(Dataset items)
________________________

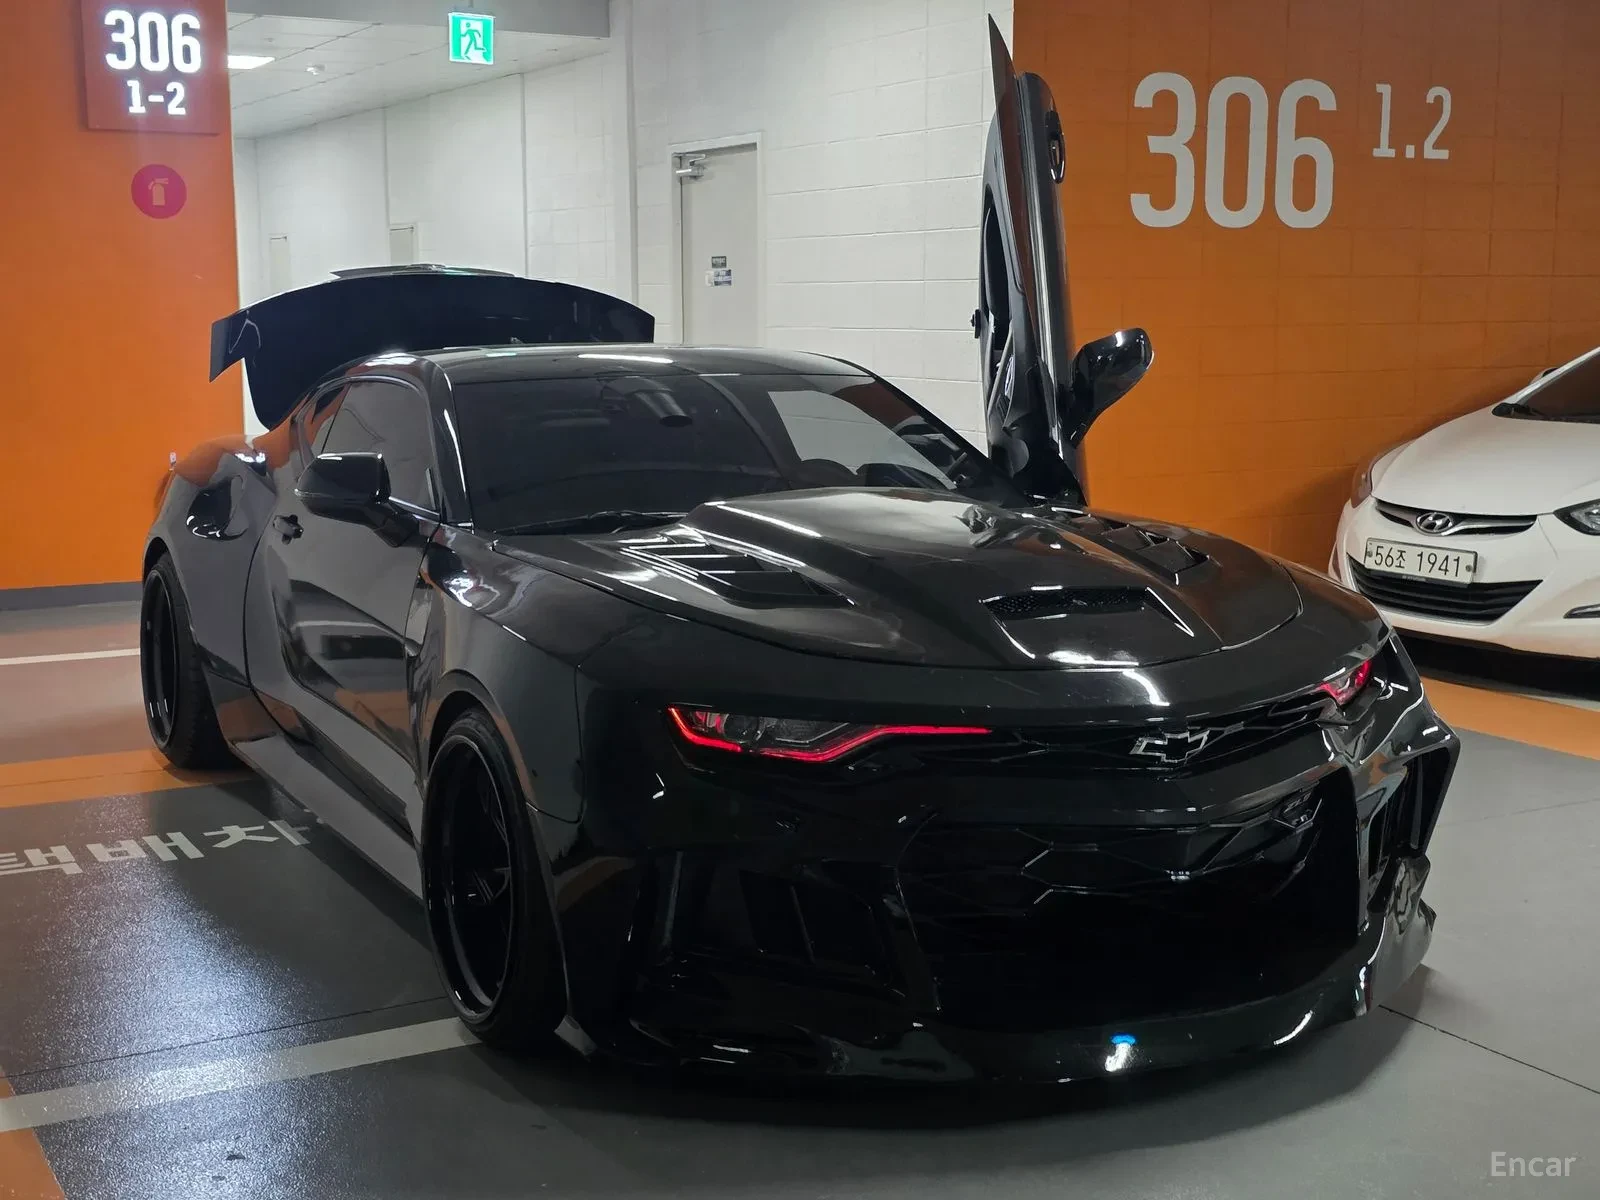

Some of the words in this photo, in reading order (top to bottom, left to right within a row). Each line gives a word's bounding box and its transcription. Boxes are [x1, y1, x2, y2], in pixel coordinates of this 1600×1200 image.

[104, 9, 202, 74] 306
[126, 79, 187, 115] 1-2
[1130, 71, 1337, 229] 306
[1372, 83, 1452, 160] 1.2
[1374, 545, 1407, 569] 56조
[1416, 551, 1461, 578] 1941

________________________

**Work task:** Repeat the data exactly as written, but without the pictures.

**Answer:**
Some of the words in this photo, in reading order (top to bottom, left to right within a row). Each line gives a word's bounding box and its transcription. Boxes are [x1, y1, x2, y2], in pixel coordinates of this 1600×1200 image.

[104, 9, 202, 74] 306
[126, 79, 187, 115] 1-2
[1130, 71, 1337, 229] 306
[1372, 83, 1452, 160] 1.2
[1374, 545, 1407, 569] 56조
[1416, 551, 1461, 578] 1941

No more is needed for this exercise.